▶ _Exercise requirements_
Reproduce the records below exactly; the images should not appear.

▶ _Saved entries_
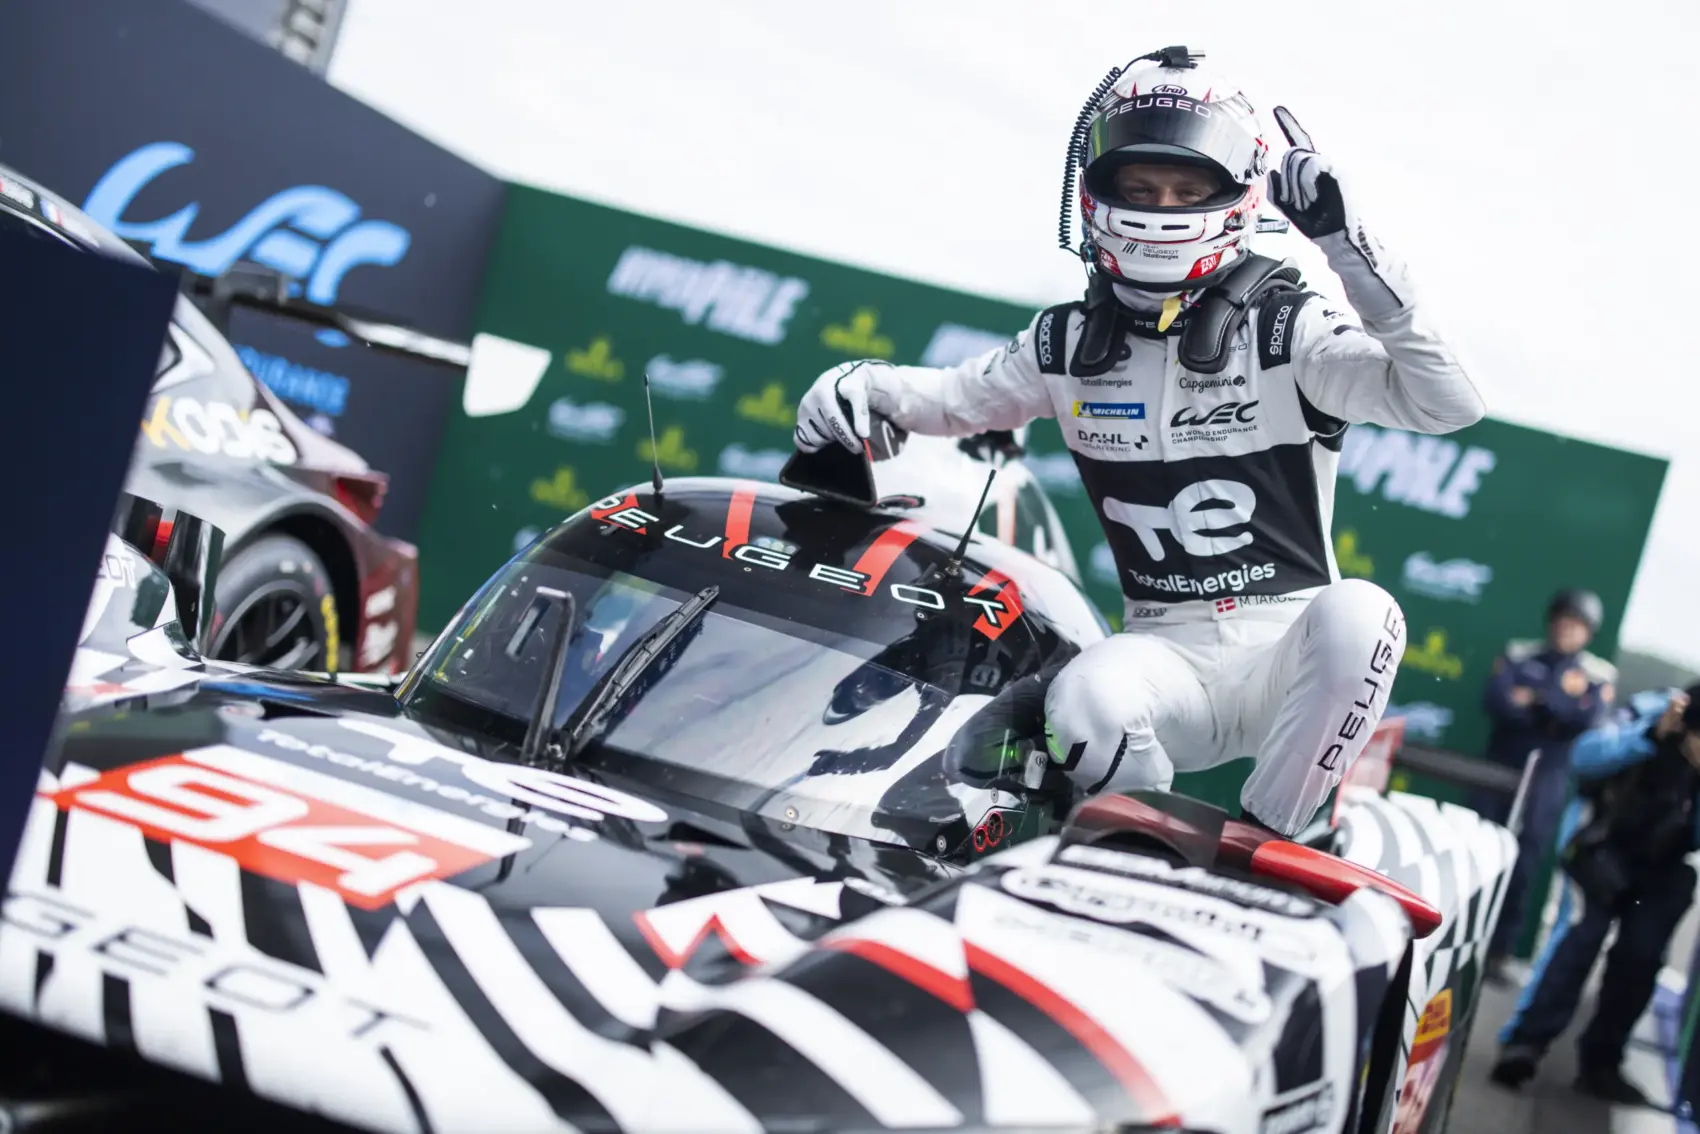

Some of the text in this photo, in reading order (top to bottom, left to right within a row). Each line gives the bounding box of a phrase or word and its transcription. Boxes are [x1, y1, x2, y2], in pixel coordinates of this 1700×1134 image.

[1160, 86, 1184, 95] Arai
[1105, 97, 1211, 123] PEUGEO
[1039, 313, 1055, 366] sparco
[1269, 305, 1293, 356] sparco
[1079, 378, 1133, 389] TotalEnergies
[1179, 377, 1233, 393] Capgemini
[1092, 408, 1140, 416] MICHELIN
[1170, 400, 1259, 428] WEC
[1077, 429, 1130, 445] DAHL
[1185, 429, 1211, 437] WORLD
[1212, 425, 1258, 436] ENDURANCE
[596, 494, 1006, 627] PEUGEOT
[1128, 562, 1276, 596] TotalEnergies
[1317, 606, 1401, 771] PEUGE
[75, 764, 438, 897] 94
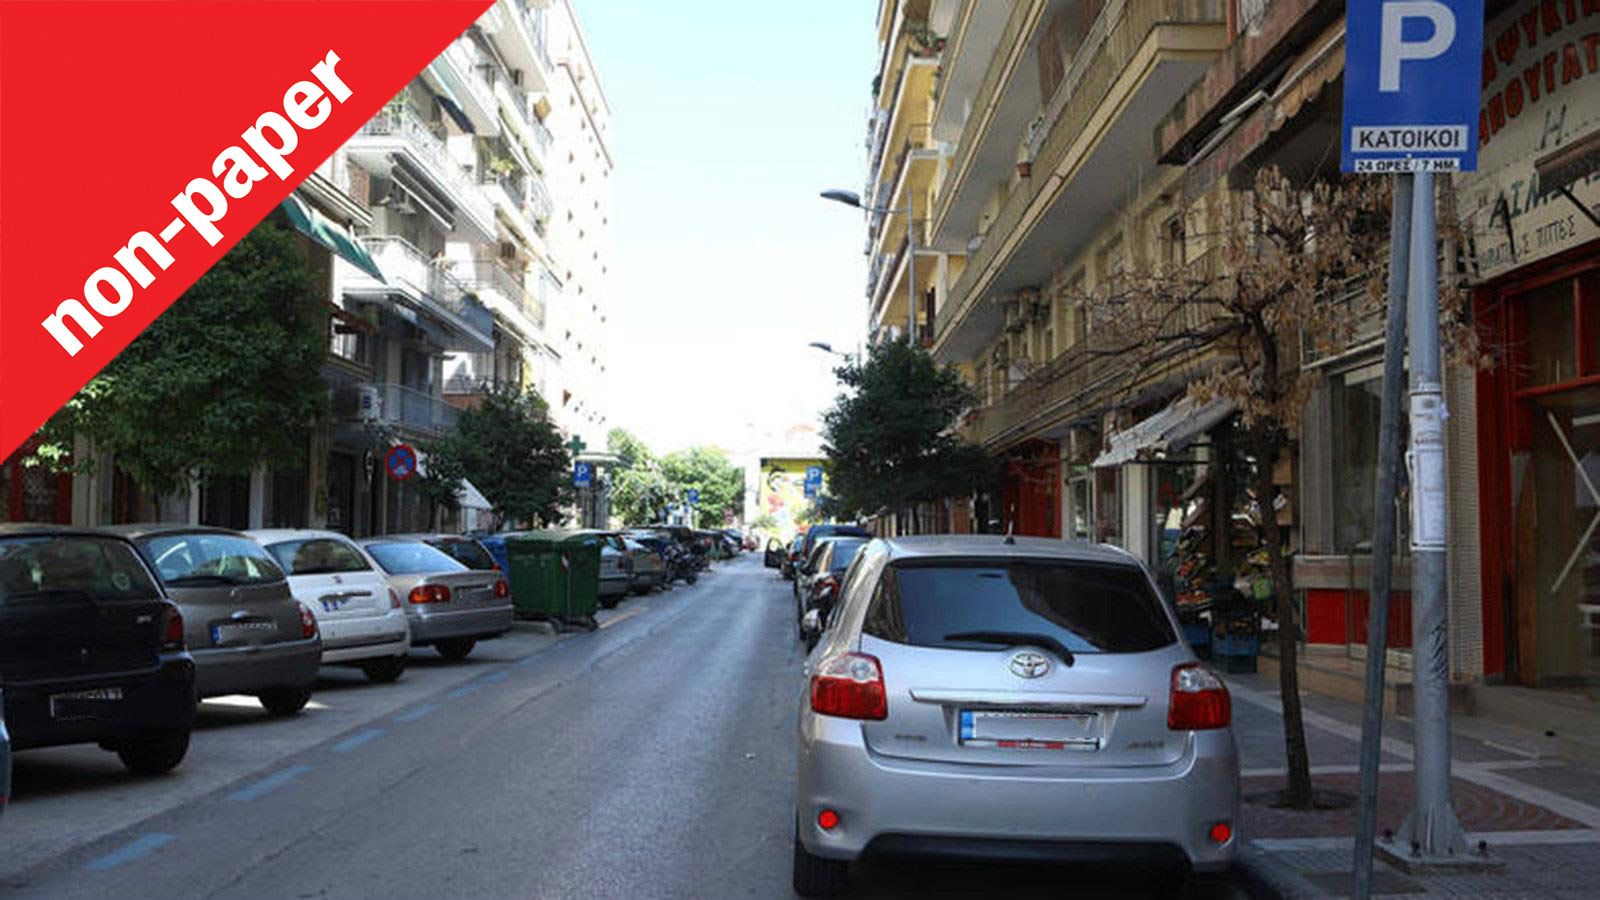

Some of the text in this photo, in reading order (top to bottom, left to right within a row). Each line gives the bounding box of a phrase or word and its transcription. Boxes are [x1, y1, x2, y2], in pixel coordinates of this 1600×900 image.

[1378, 1, 1457, 92] P
[1360, 129, 1459, 148] ΚΑΤΟΙΚΟΙ
[1358, 161, 1373, 171] 24
[1376, 161, 1411, 171] ΩΡΕΣ
[1423, 160, 1430, 170] 7
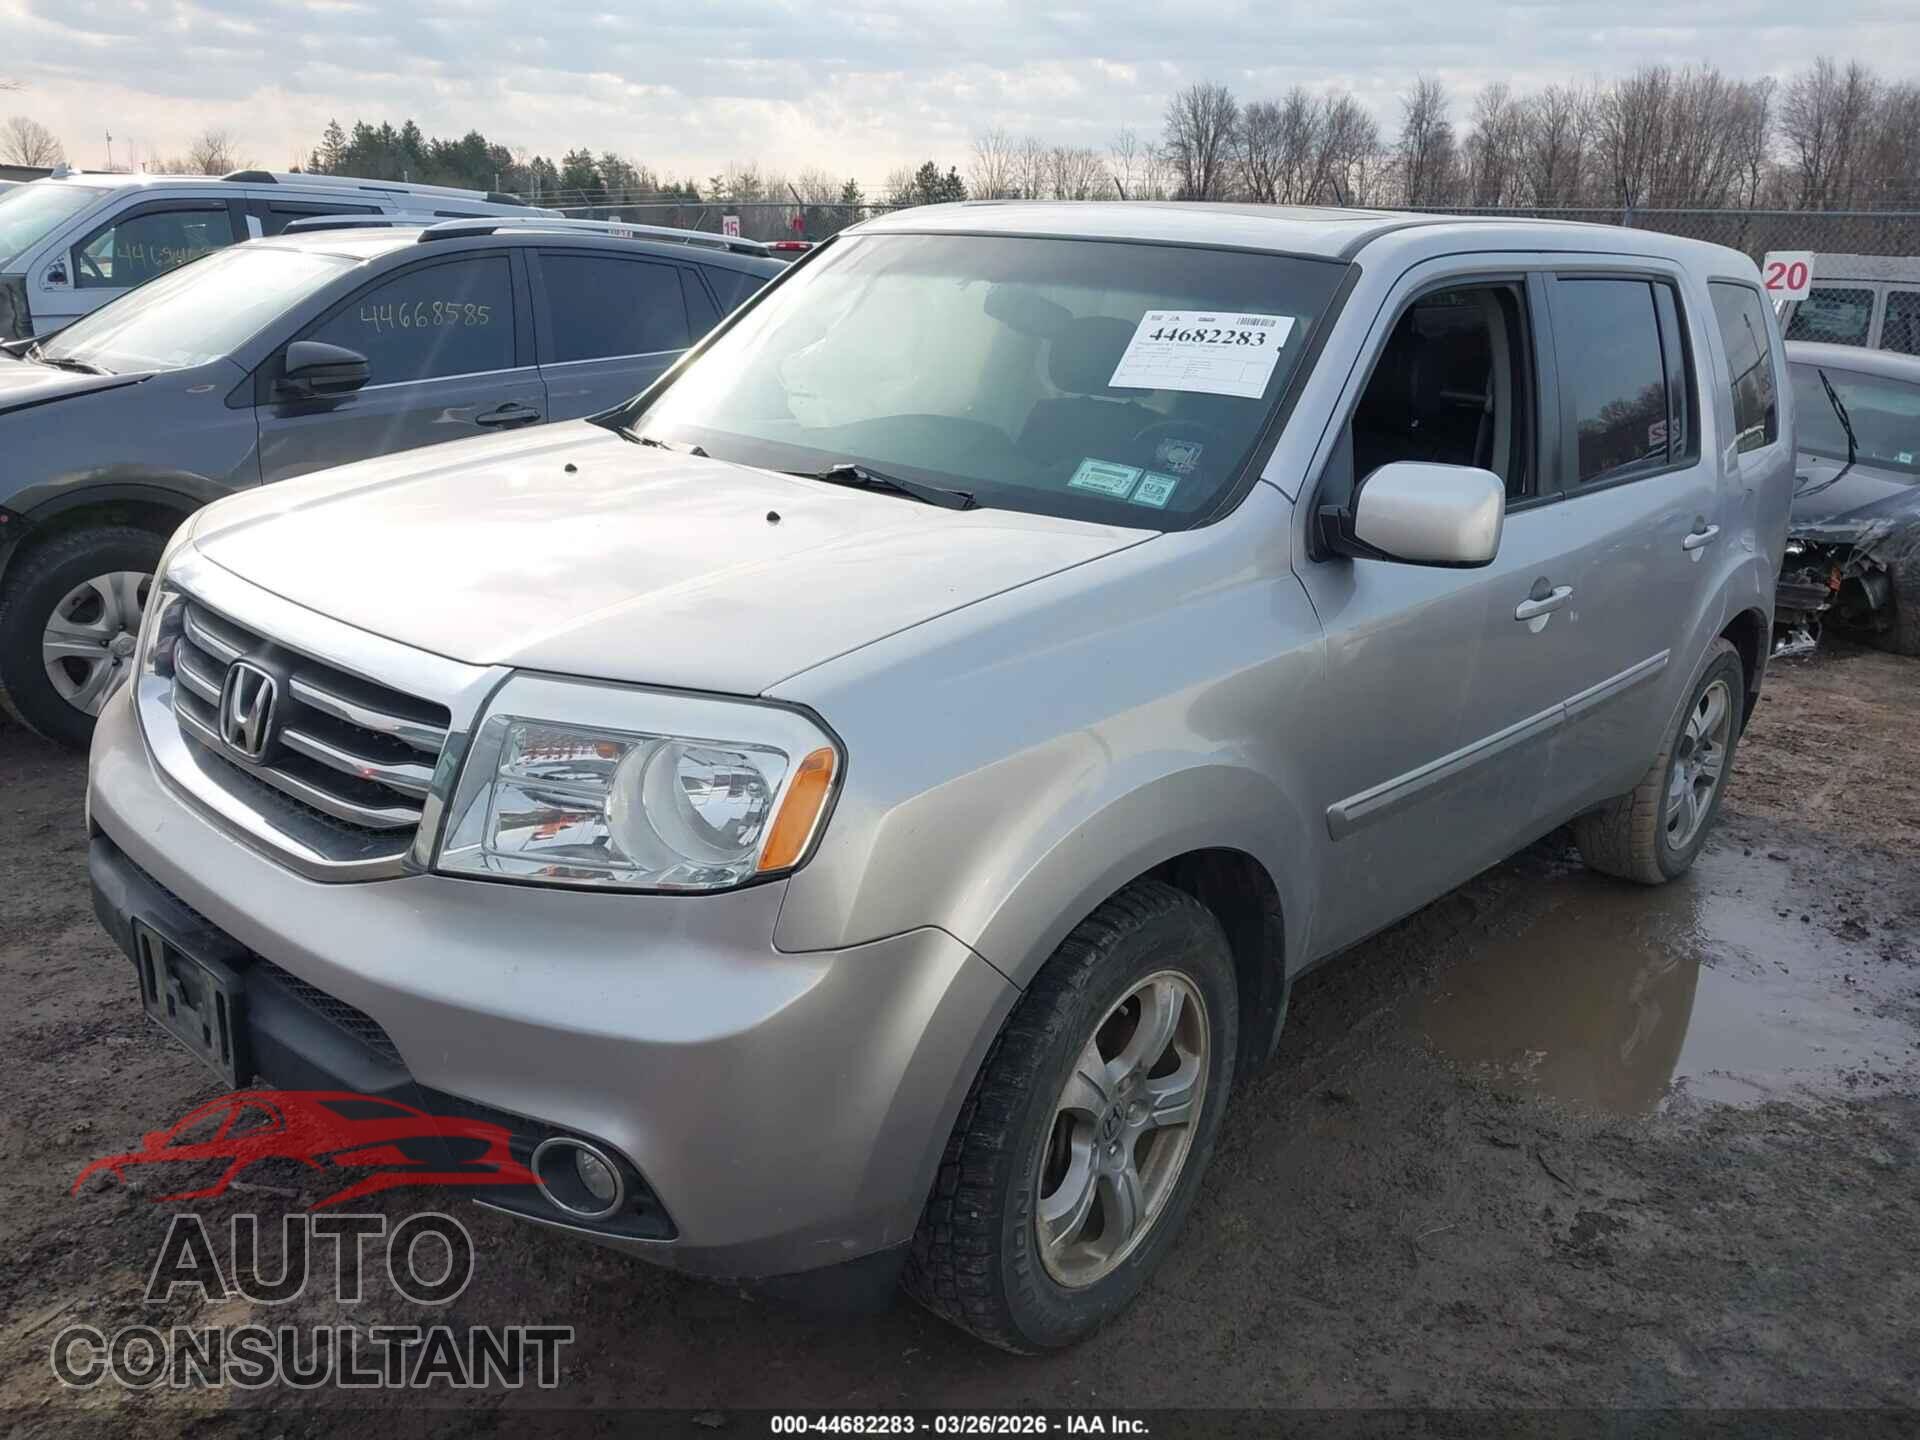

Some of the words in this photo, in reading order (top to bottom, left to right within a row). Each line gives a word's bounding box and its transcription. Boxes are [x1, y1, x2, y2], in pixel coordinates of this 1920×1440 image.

[1765, 262, 1808, 290] 20
[360, 301, 491, 333] 44668585
[1149, 327, 1267, 347] 44682283
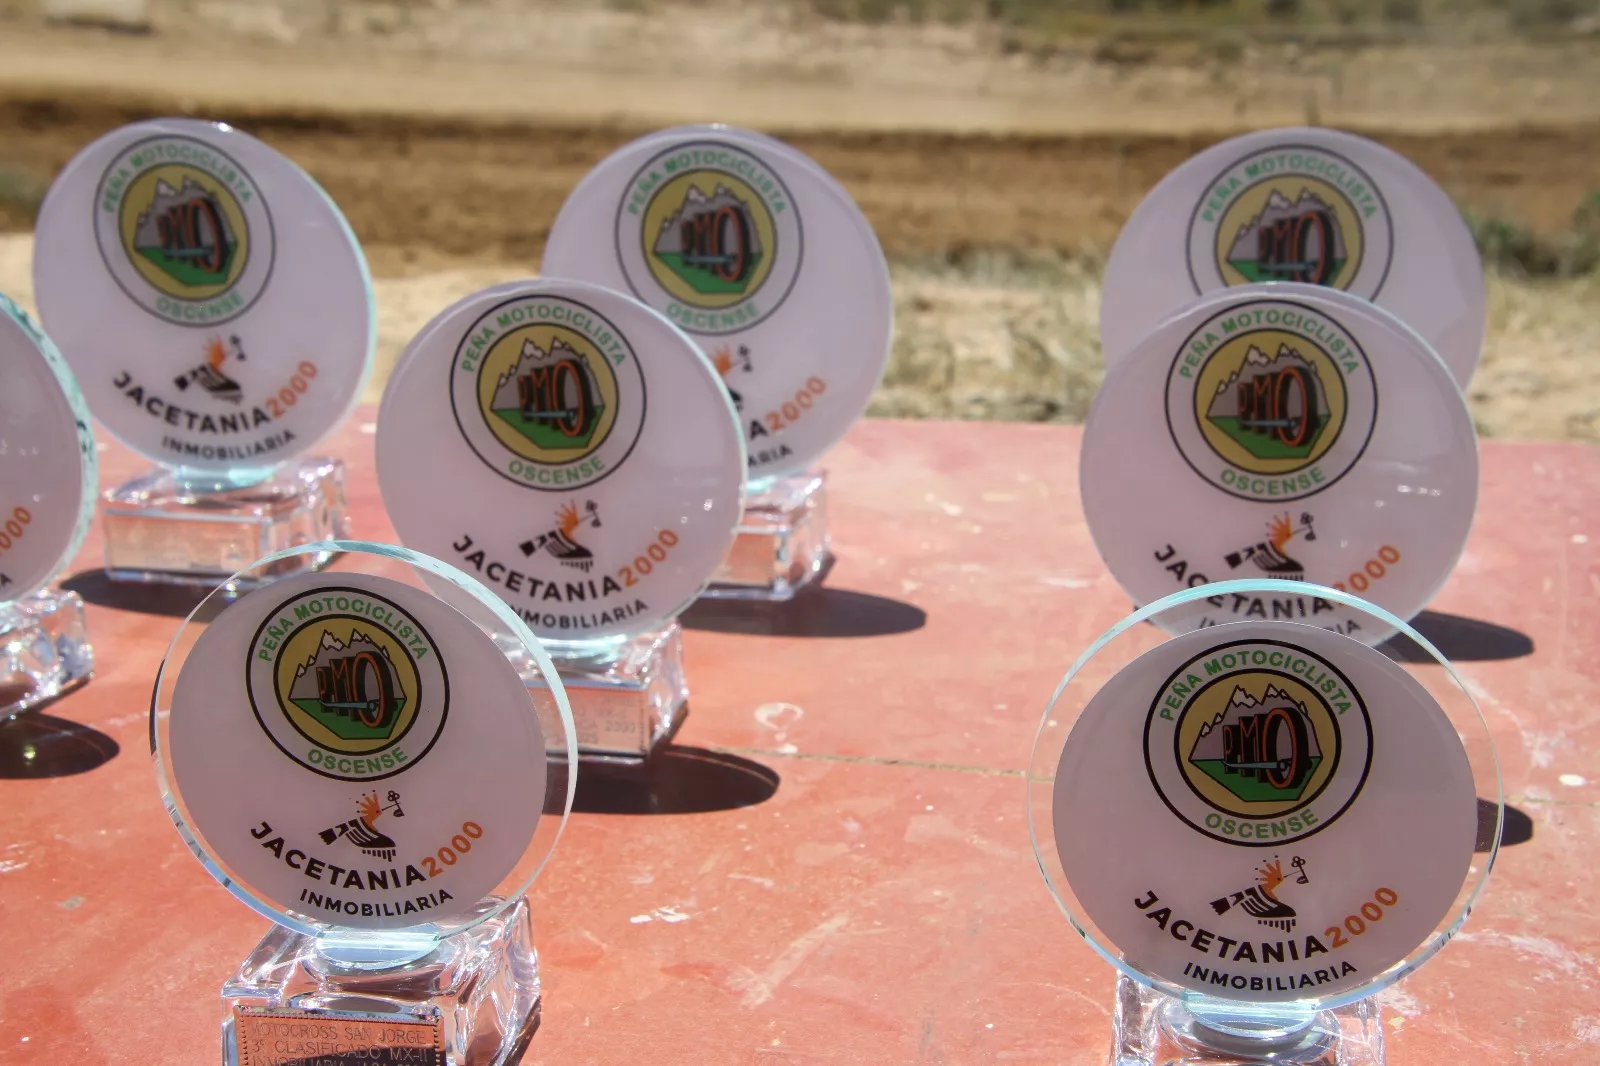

▶ _Answer to this problem_
Some of the text in this photo, in reading order (top to bottom, left to right within a row). Each line gives the bounding box of a phrase or word and its transcription. Boxes are [x1, y1, x2, y2], in pixel coordinates of this 1700×1134 image.

[1160, 86, 1184, 95] Arai
[1105, 97, 1211, 123] PEUGEO
[1039, 313, 1055, 366] sparco
[1269, 305, 1293, 356] sparco
[1079, 378, 1133, 389] TotalEnergies
[1179, 377, 1233, 393] Capgemini
[1092, 408, 1140, 416] MICHELIN
[1170, 400, 1259, 428] WEC
[1077, 429, 1130, 445] DAHL
[1185, 429, 1211, 437] WORLD
[1212, 425, 1258, 436] ENDURANCE
[596, 494, 1006, 627] PEUGEOT
[1128, 562, 1276, 596] TotalEnergies
[1317, 606, 1401, 771] PEUGE
[75, 764, 438, 897] 94

Some of the text in this photo, in reading order (top to bottom, left to right within a row). Each line gives the bounding box of a phrase or word and its transcription. Boxes are [x1, y1, x2, y2], in pixel coordinates of this 1600×900 image.

[1378, 1, 1457, 92] P
[1360, 129, 1459, 148] ΚΑΤΟΙΚΟΙ
[1358, 161, 1373, 171] 24
[1376, 161, 1411, 171] ΩΡΕΣ
[1423, 160, 1430, 170] 7

Some of the words in this photo, in reading order (top to bottom, left to right within a row). Each line gives a word's bounding box and its transcription. Boxes are [x1, y1, x2, y2], in pixel coordinates of this 1920×1440 image.

[1765, 262, 1808, 290] 20
[360, 301, 491, 333] 44668585
[1149, 327, 1267, 347] 44682283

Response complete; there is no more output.